## Exercise aim
Word for word, the data below must be repeated in full; no picture is to be included.

####

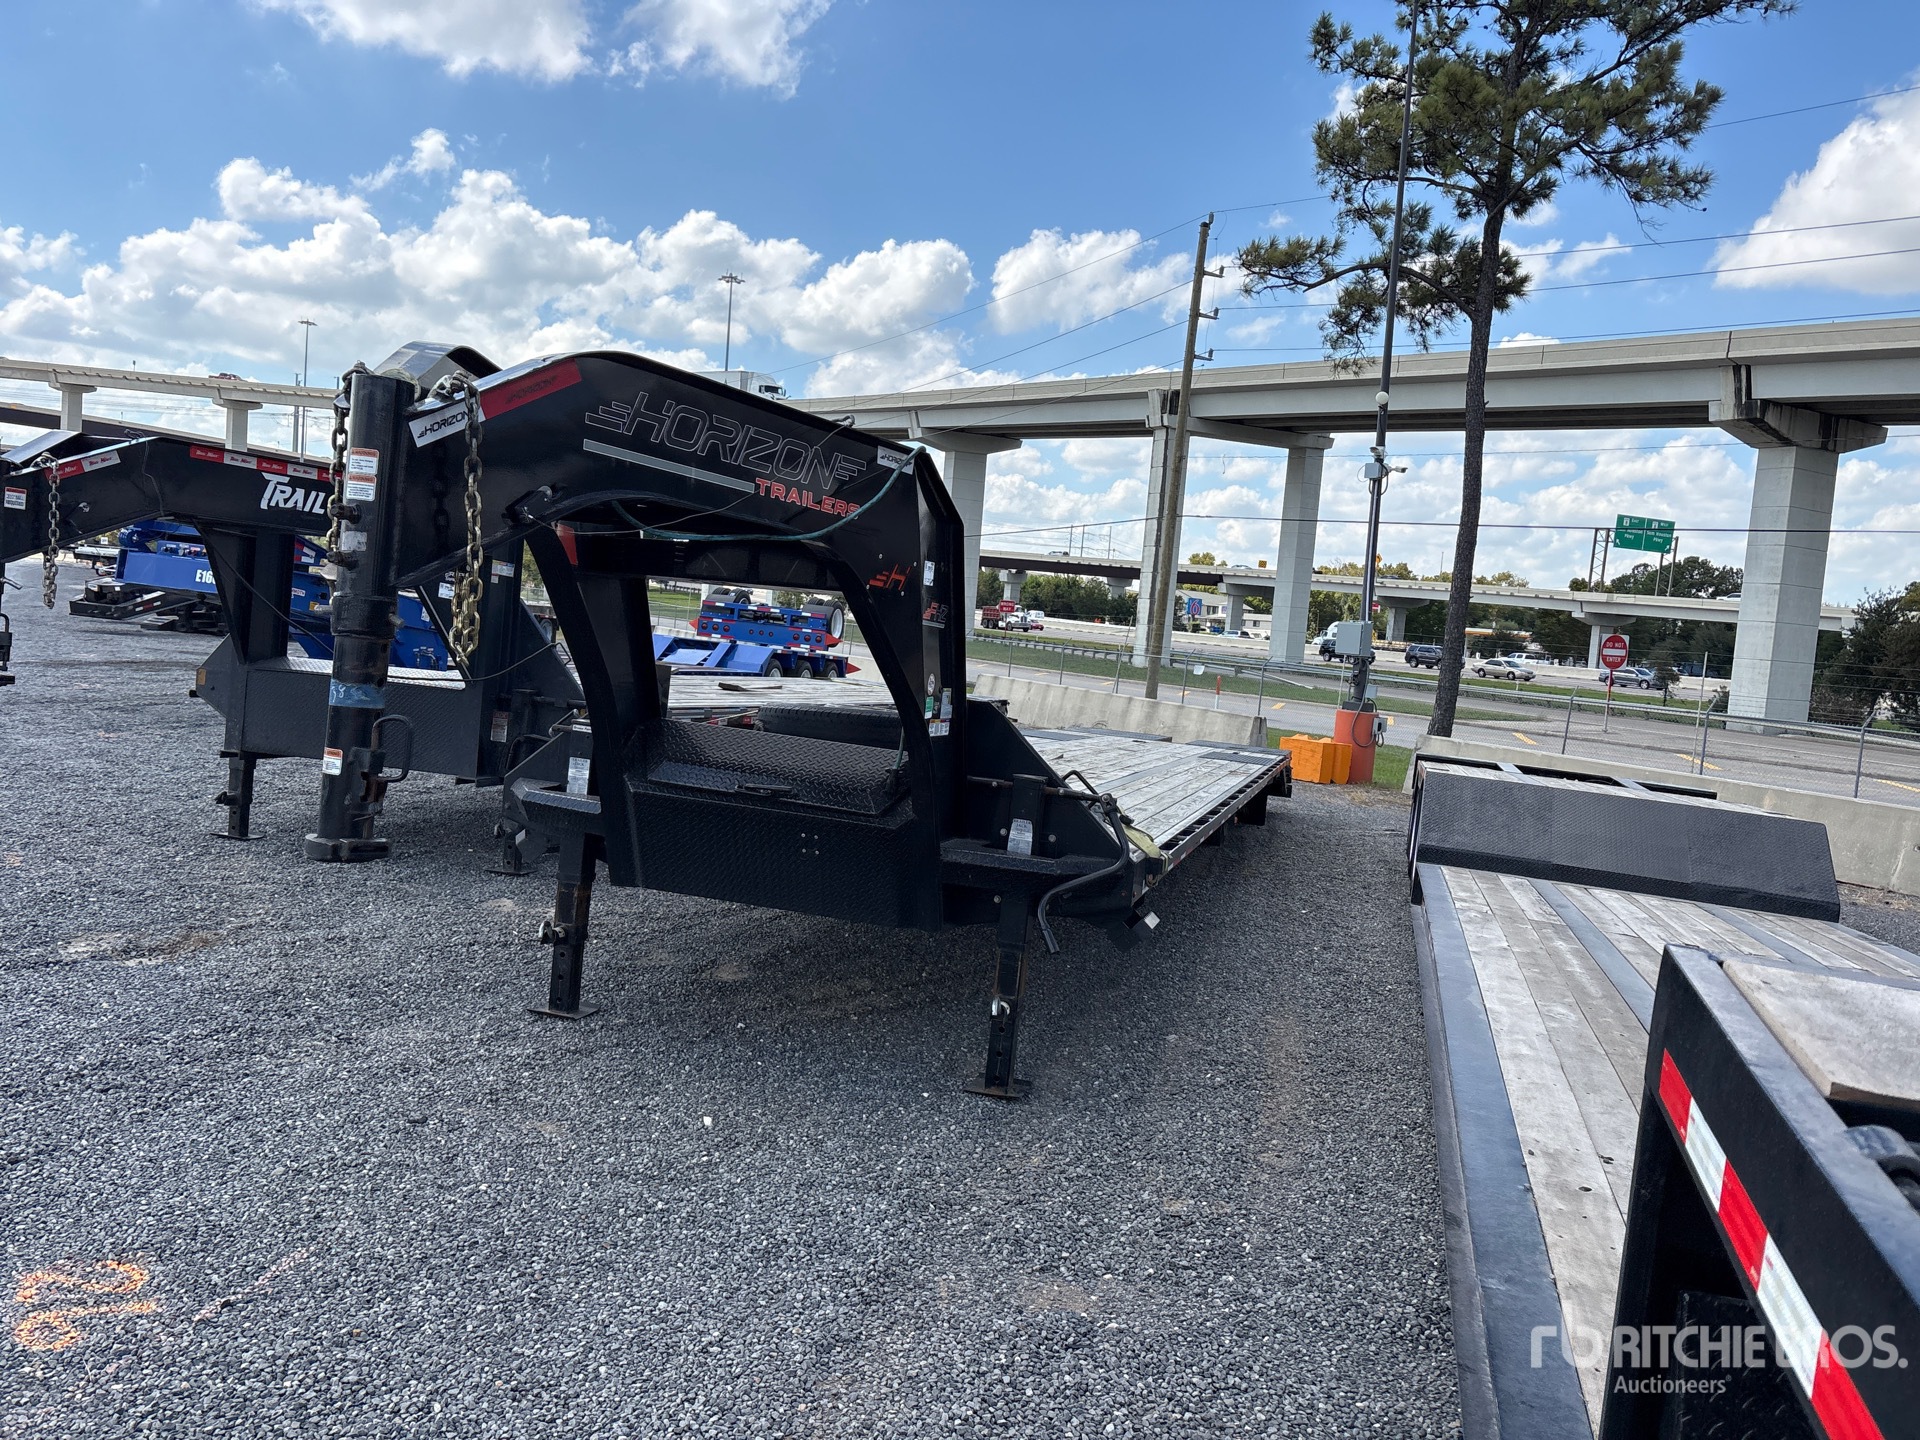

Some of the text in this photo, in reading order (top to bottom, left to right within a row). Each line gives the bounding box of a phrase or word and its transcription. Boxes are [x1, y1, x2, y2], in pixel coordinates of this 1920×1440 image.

[623, 391, 842, 490] HORIZON
[755, 477, 861, 520] TRAILERS
[1190, 599, 1200, 615] 6
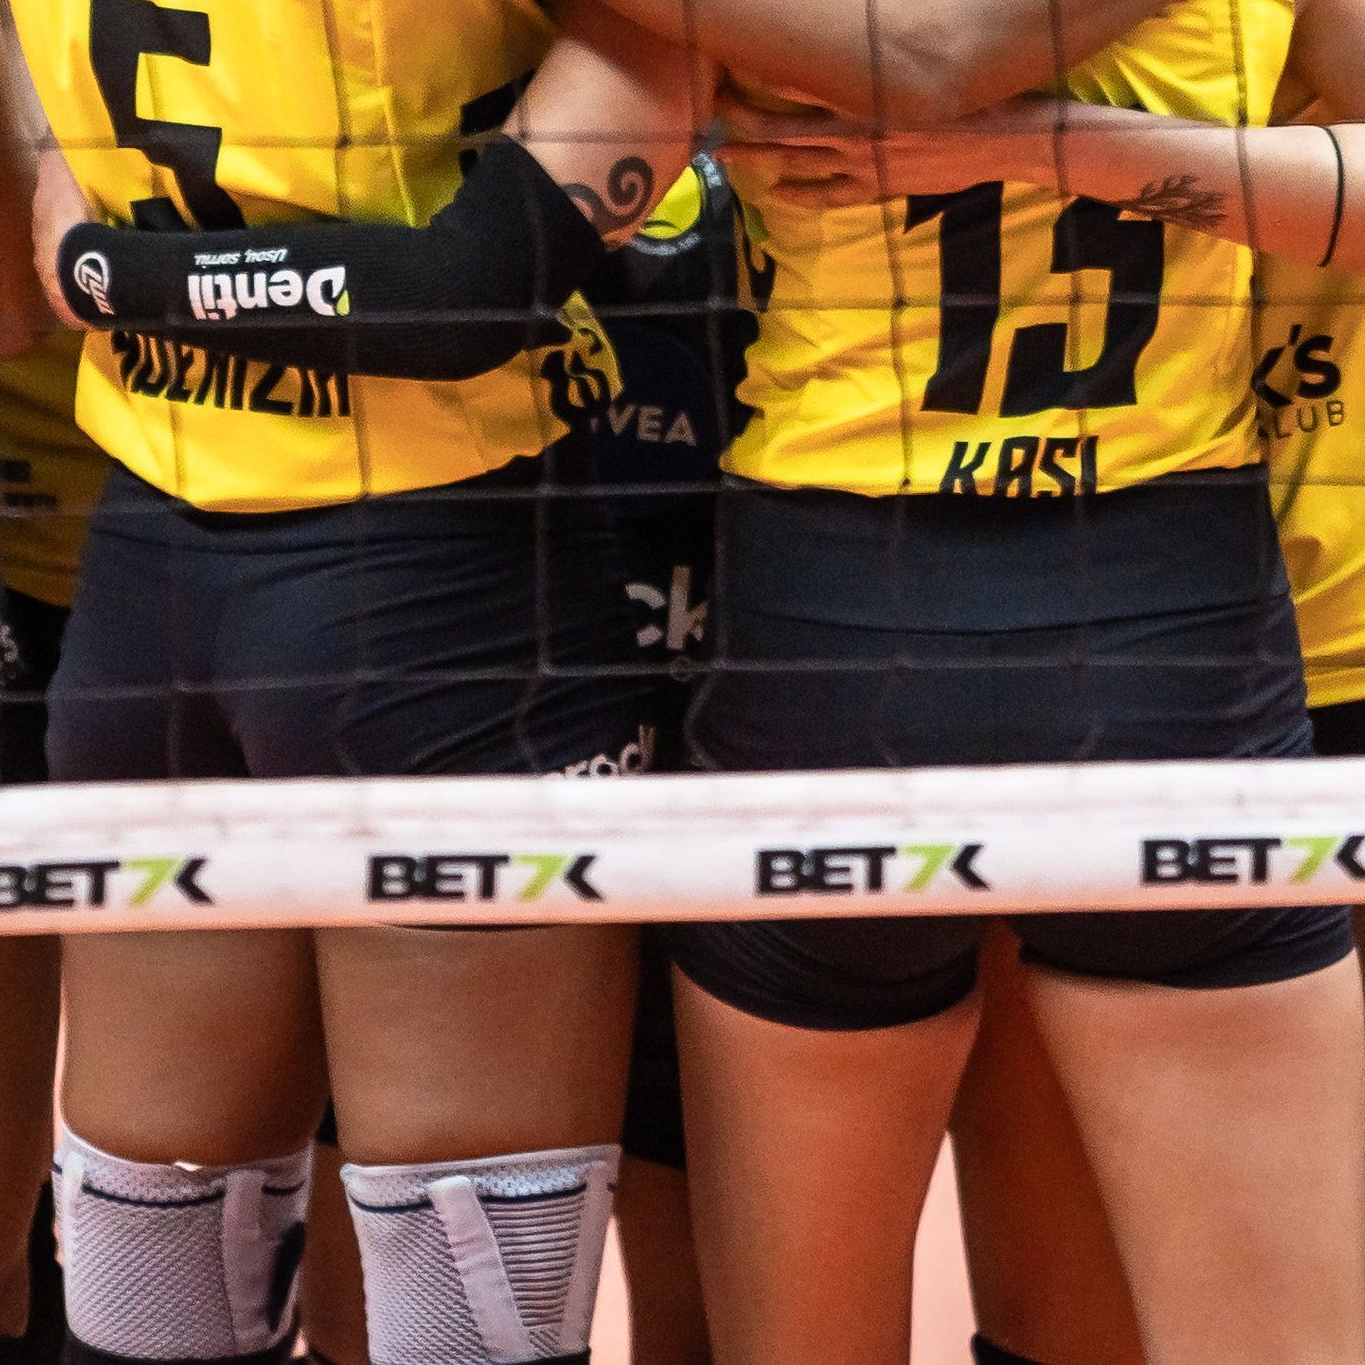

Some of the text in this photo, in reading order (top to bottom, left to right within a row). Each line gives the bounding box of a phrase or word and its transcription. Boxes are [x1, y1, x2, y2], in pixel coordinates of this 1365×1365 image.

[187, 265, 351, 322] Dentil
[366, 852, 602, 903] BET7K
[755, 841, 990, 897] BET7K

####

## Exercise solution
Some of the text in this photo, in reading order (top to bottom, left to right within a row). Each line gives the bounding box of a phrase or word and its transcription. Boxes are [x1, y1, x2, y2], in pixel coordinates of this 1920×1440 image.

[623, 391, 842, 490] HORIZON
[755, 477, 861, 520] TRAILERS
[1190, 599, 1200, 615] 6

Some of the text in this photo, in reading order (top to bottom, left to right within a row). Each line gives the bounding box of a phrase or word and its transcription. Boxes are [x1, y1, x2, y2], in pixel coordinates of this 1365×1365 image.

[187, 265, 351, 322] Dentil
[366, 852, 602, 903] BET7K
[755, 841, 990, 897] BET7K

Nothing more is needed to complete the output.